Copy exactly the last part of the listing below, beginning at the line that contains "this 1499×1500 image." and including the final line.
──────
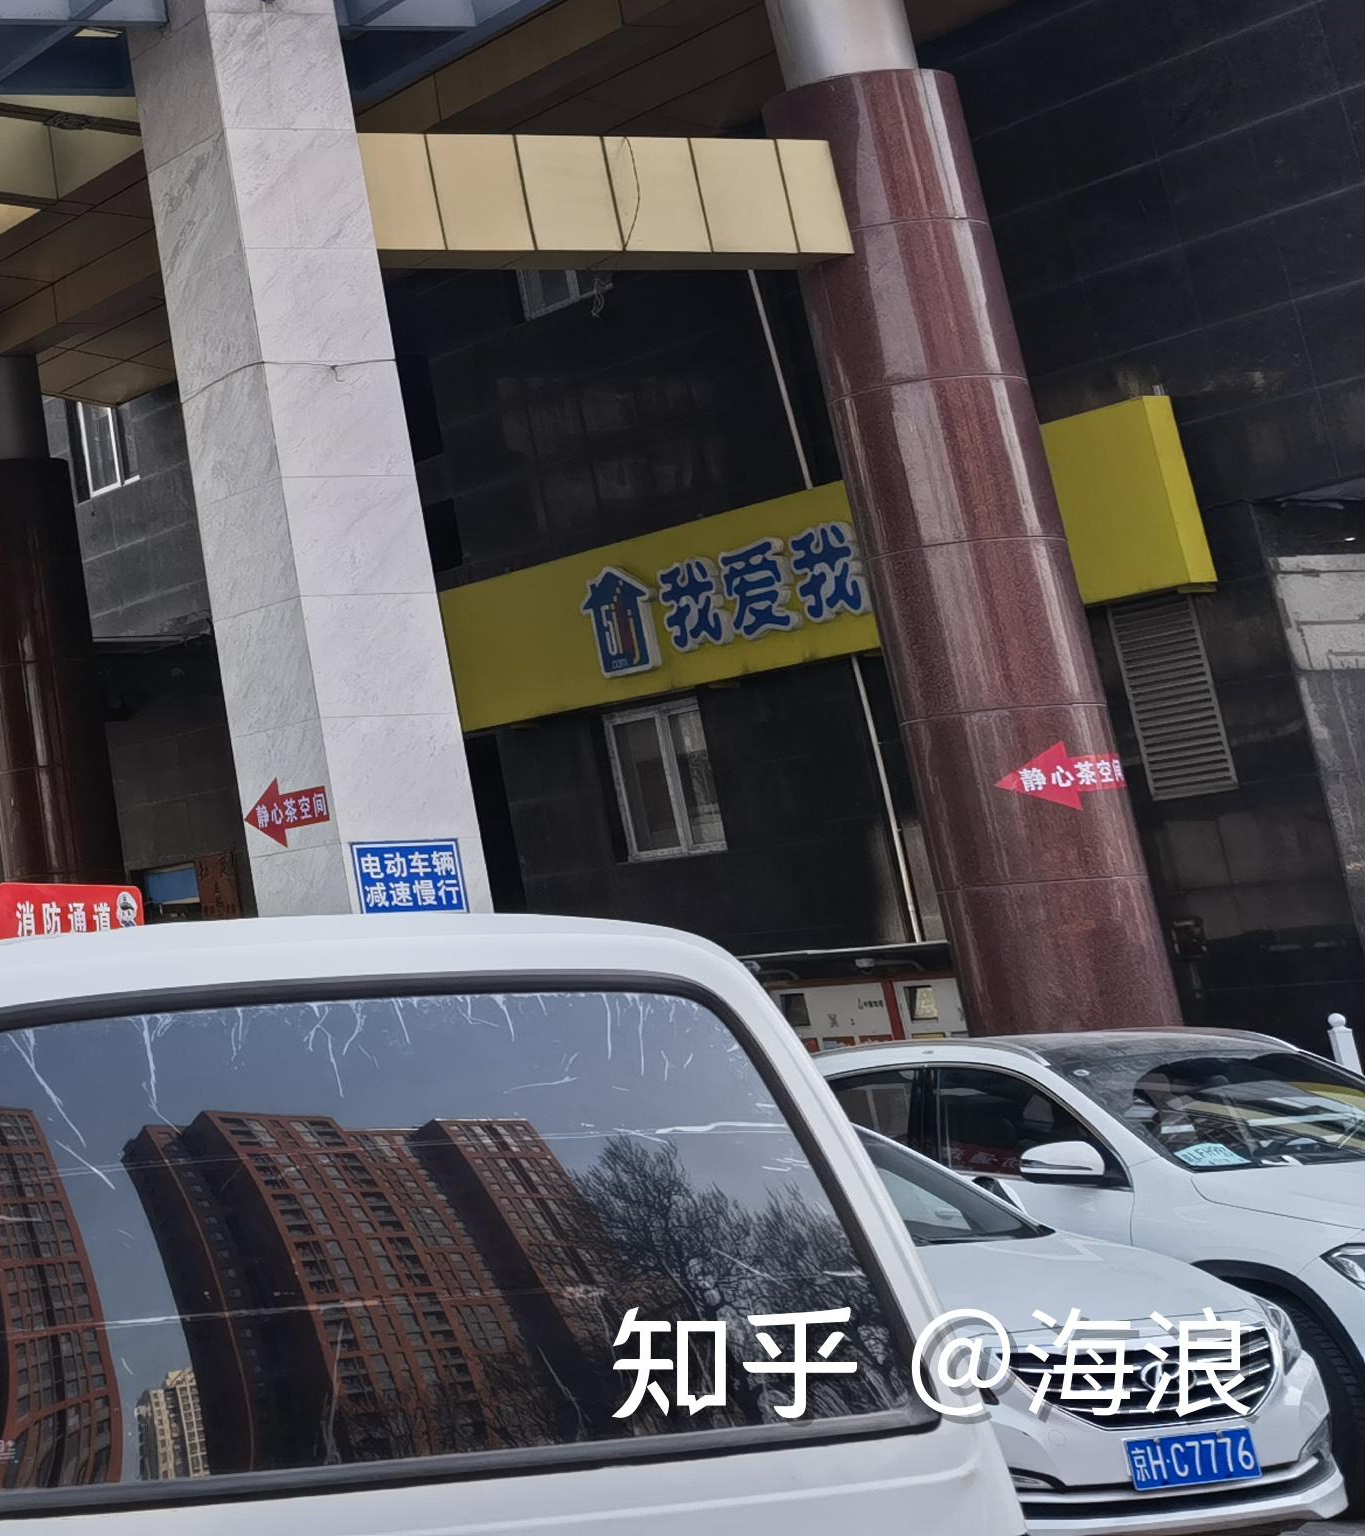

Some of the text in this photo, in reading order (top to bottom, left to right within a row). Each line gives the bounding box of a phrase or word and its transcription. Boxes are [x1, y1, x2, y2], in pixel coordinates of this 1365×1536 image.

[658, 523, 867, 650] 我爱我
[256, 793, 327, 828] 静心茶空间
[360, 850, 456, 879] 电动车辆
[365, 879, 460, 908] 减速慢行
[16, 901, 111, 937] 消防通道
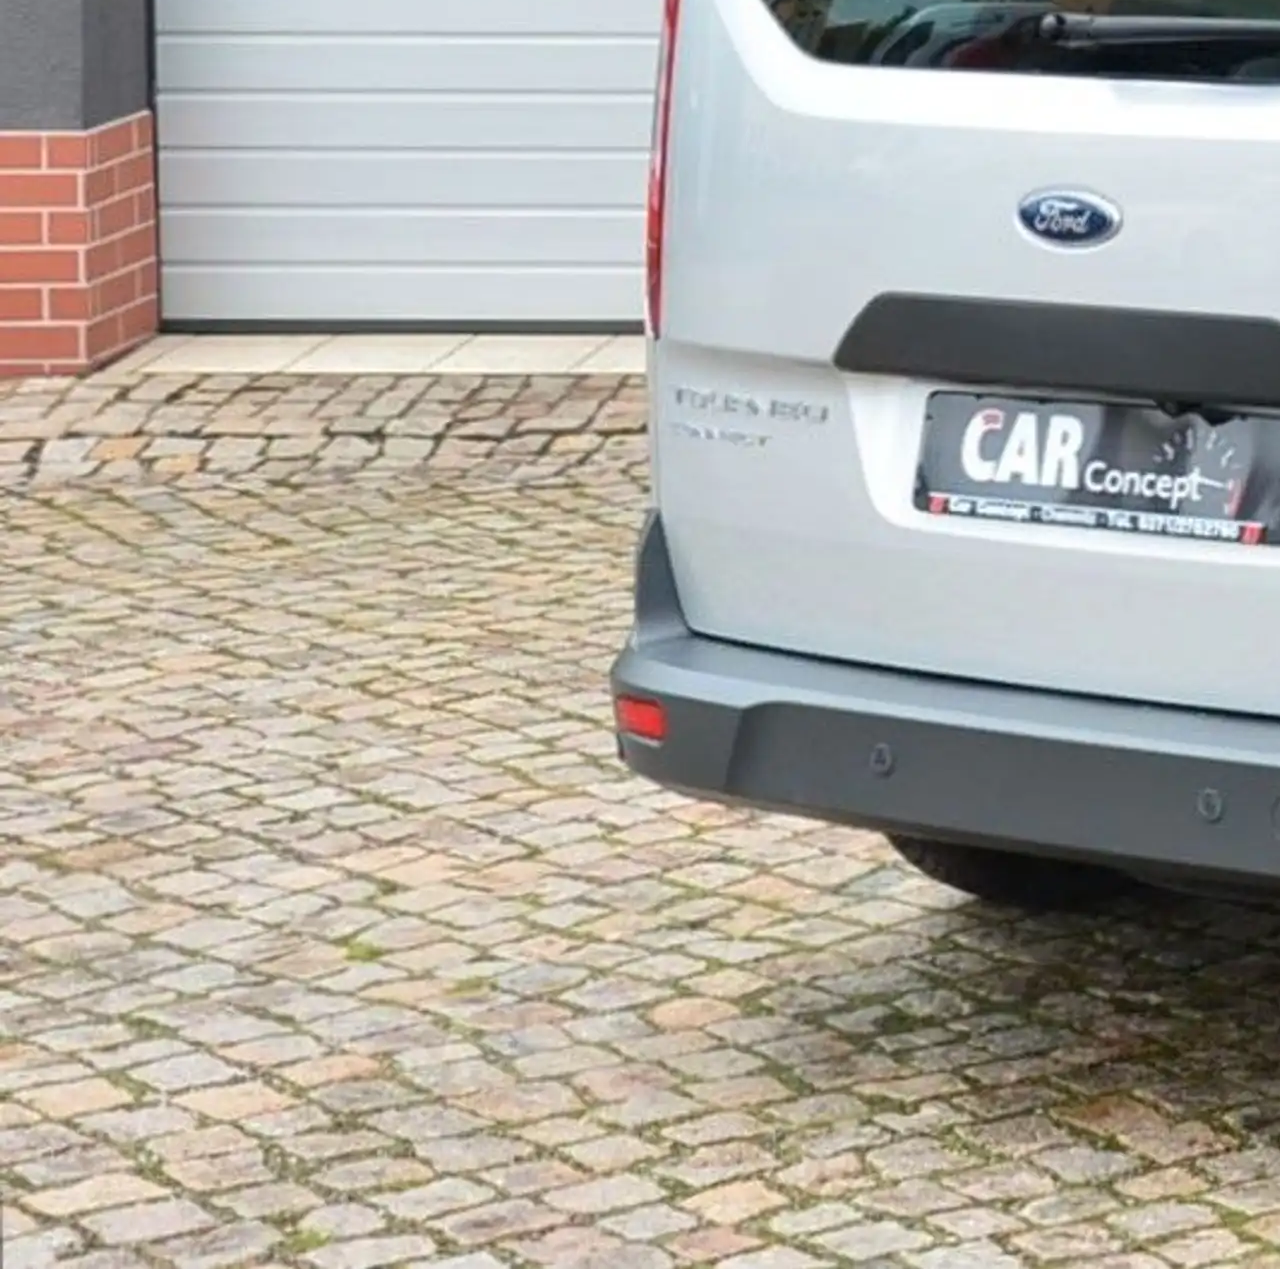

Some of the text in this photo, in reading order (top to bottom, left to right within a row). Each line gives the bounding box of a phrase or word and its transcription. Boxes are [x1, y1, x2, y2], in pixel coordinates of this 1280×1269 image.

[1034, 199, 1092, 234] Ford
[960, 407, 1204, 509] CAR Concept
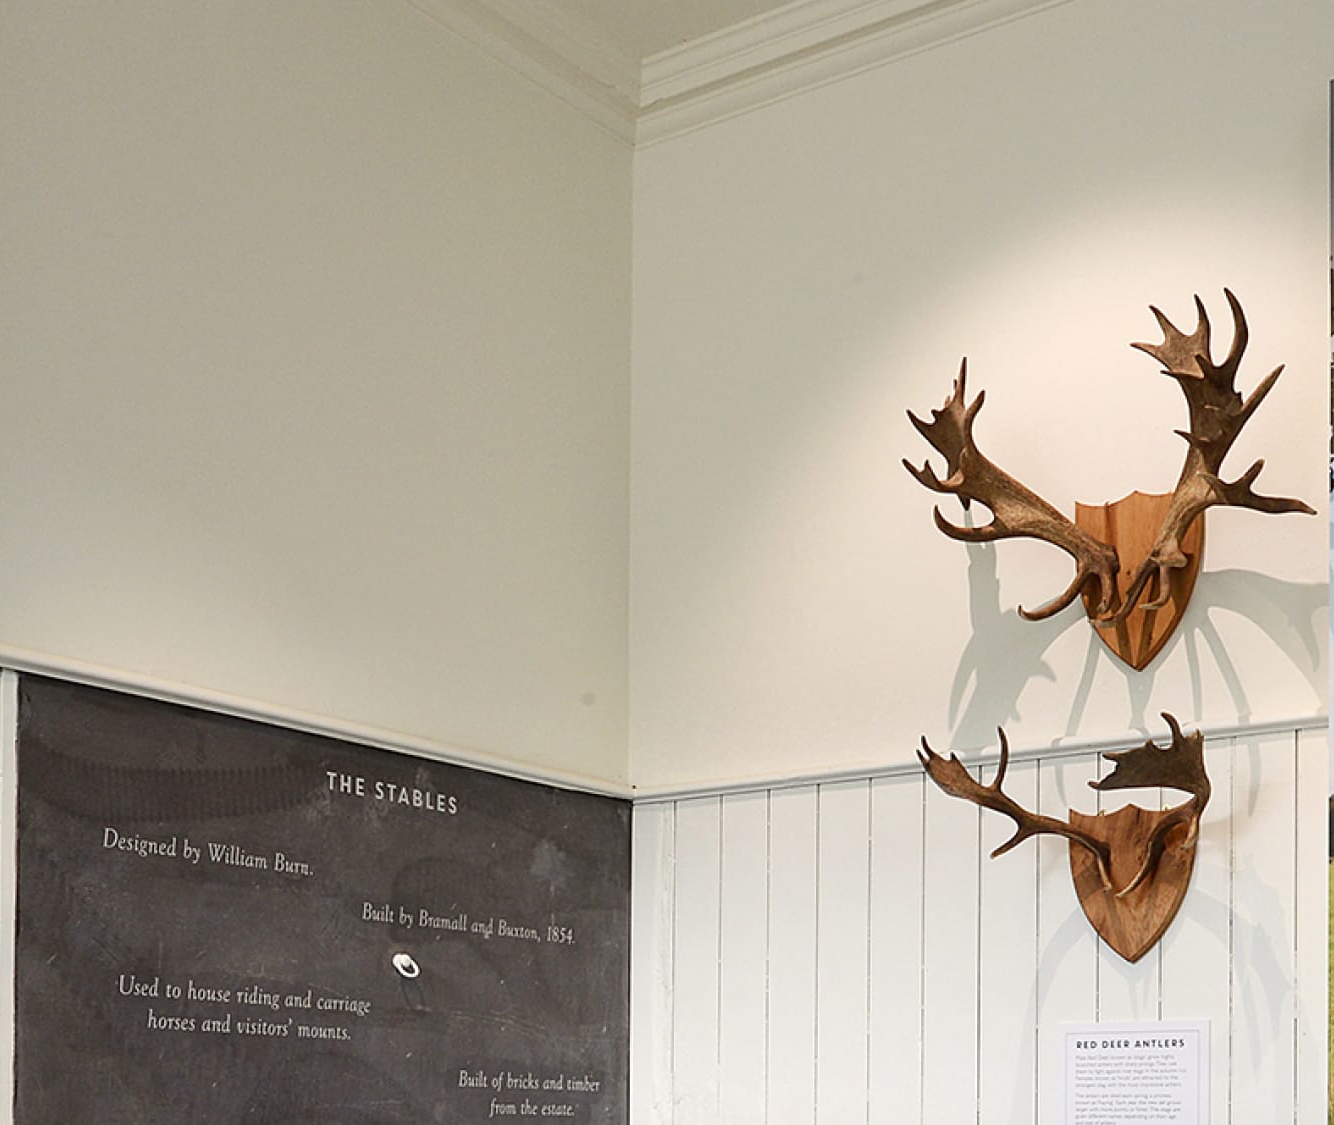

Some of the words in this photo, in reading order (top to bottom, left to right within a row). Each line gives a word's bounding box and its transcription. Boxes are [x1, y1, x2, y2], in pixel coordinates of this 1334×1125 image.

[326, 771, 365, 797] THE
[374, 781, 457, 815] STABLES
[103, 827, 177, 857] Designed
[183, 839, 201, 864] by
[207, 842, 268, 870] William
[274, 852, 314, 876] Burn.
[362, 902, 394, 923] Built
[399, 906, 413, 929] by
[419, 909, 467, 932] Bramall
[470, 917, 494, 939] and
[498, 919, 541, 943] Buxton,
[119, 974, 159, 997] Used
[166, 984, 182, 999] to
[187, 980, 231, 1003] house
[236, 985, 280, 1010] riding
[284, 989, 312, 1008] and
[317, 996, 371, 1017] carriage
[148, 1008, 196, 1031] horses
[201, 1013, 231, 1033] and
[297, 1025, 351, 1040] mounts.
[1076, 1040, 1098, 1049] RED
[1101, 1039, 1130, 1049] DEER
[1134, 1039, 1185, 1048] ANTLERS
[458, 1069, 487, 1088] Built
[491, 1071, 504, 1092] of
[507, 1071, 539, 1090] bricks
[542, 1074, 564, 1091] and
[567, 1075, 600, 1092] timber
[489, 1097, 517, 1118] from
[520, 1098, 538, 1116] the
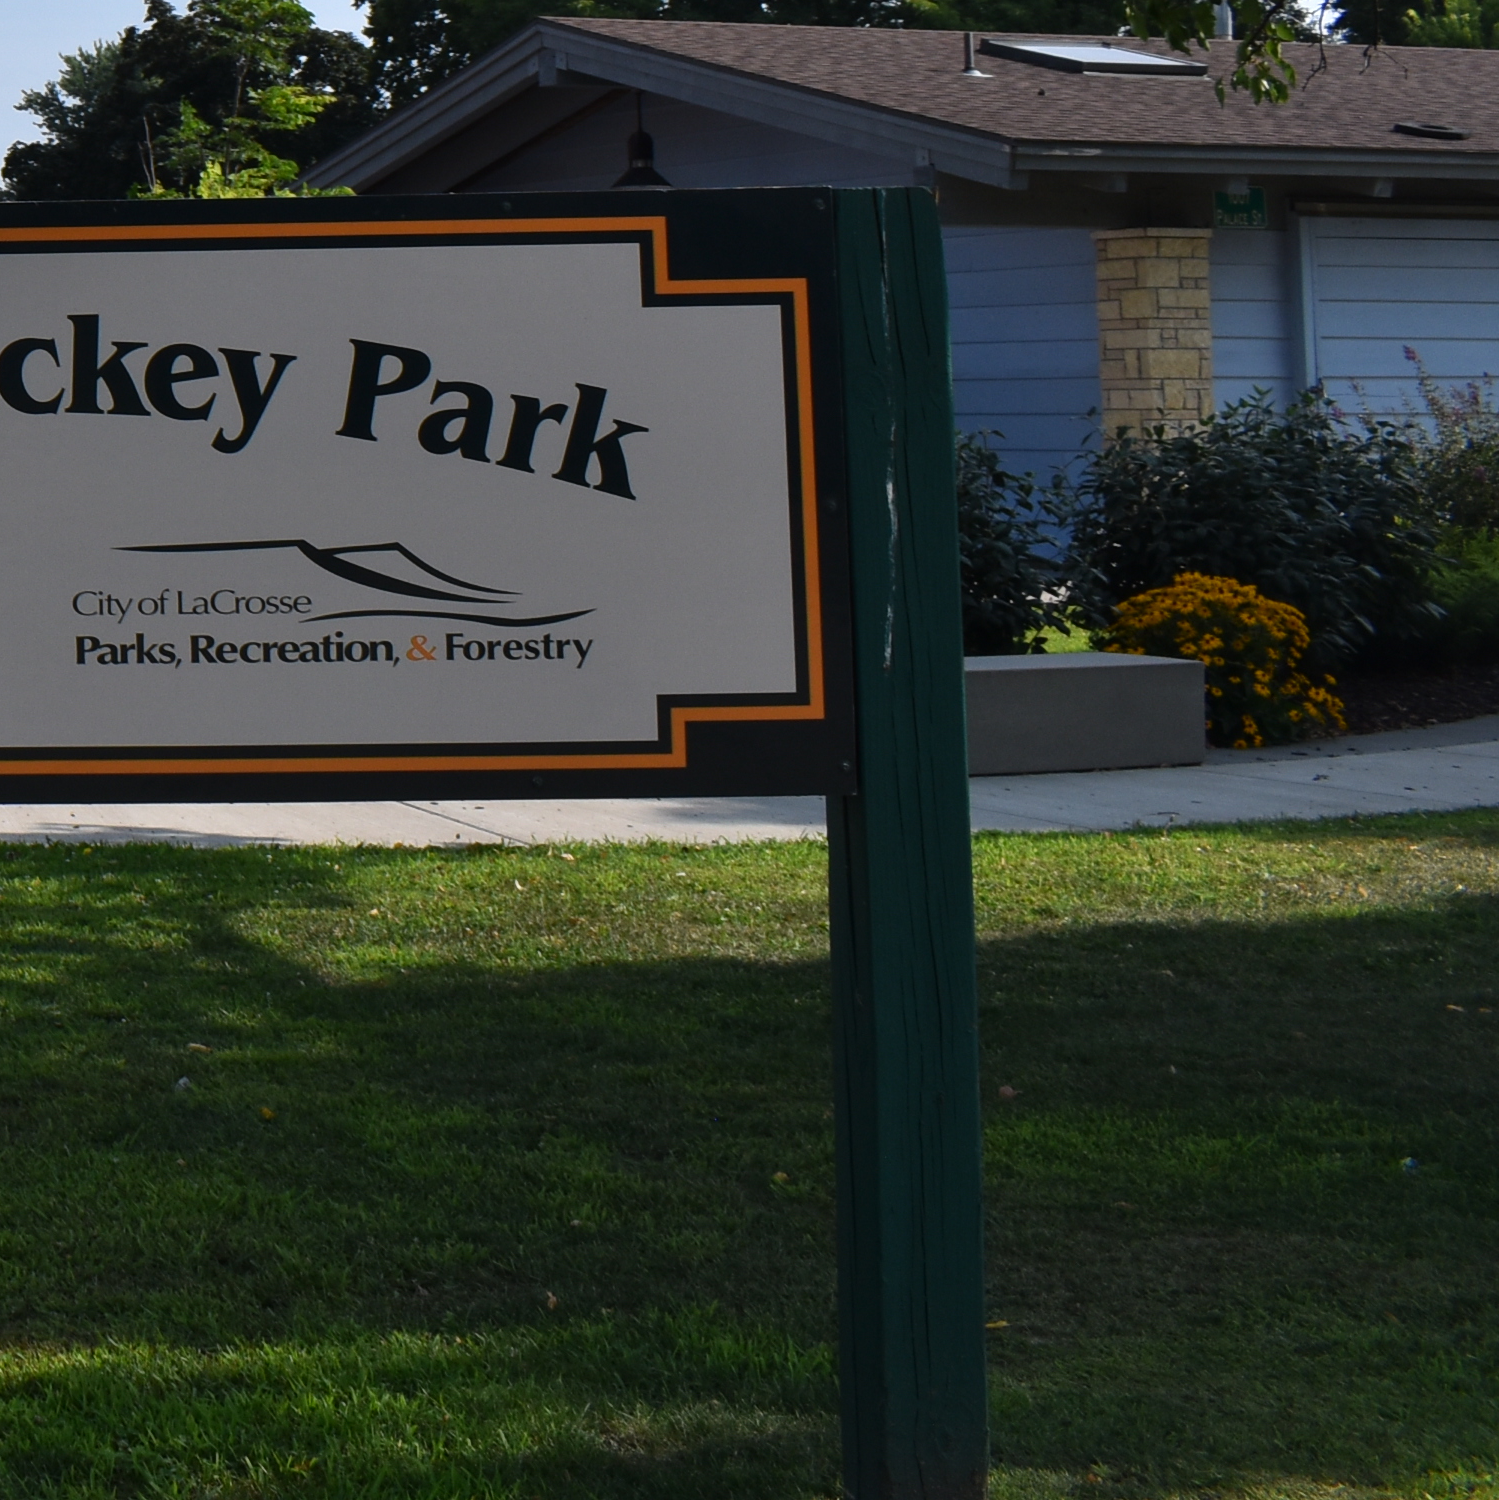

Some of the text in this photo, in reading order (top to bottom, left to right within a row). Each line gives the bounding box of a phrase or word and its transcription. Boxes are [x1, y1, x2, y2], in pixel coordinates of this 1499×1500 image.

[334, 338, 650, 501] Park
[71, 588, 313, 625] City of LaCrosse
[75, 630, 594, 670] Parks, Recreation, & Forestry
──────
Result for this exercise:
Some of the text in this photo, in reading order (top to bottom, left to right within a row). Each line gives the bounding box of a phrase or word and its transcription. Boxes are [x1, y1, x2, y2], in pixel coordinates of this 1499×1500 image.

[334, 338, 650, 501] Park
[71, 588, 313, 625] City of LaCrosse
[75, 630, 594, 670] Parks, Recreation, & Forestry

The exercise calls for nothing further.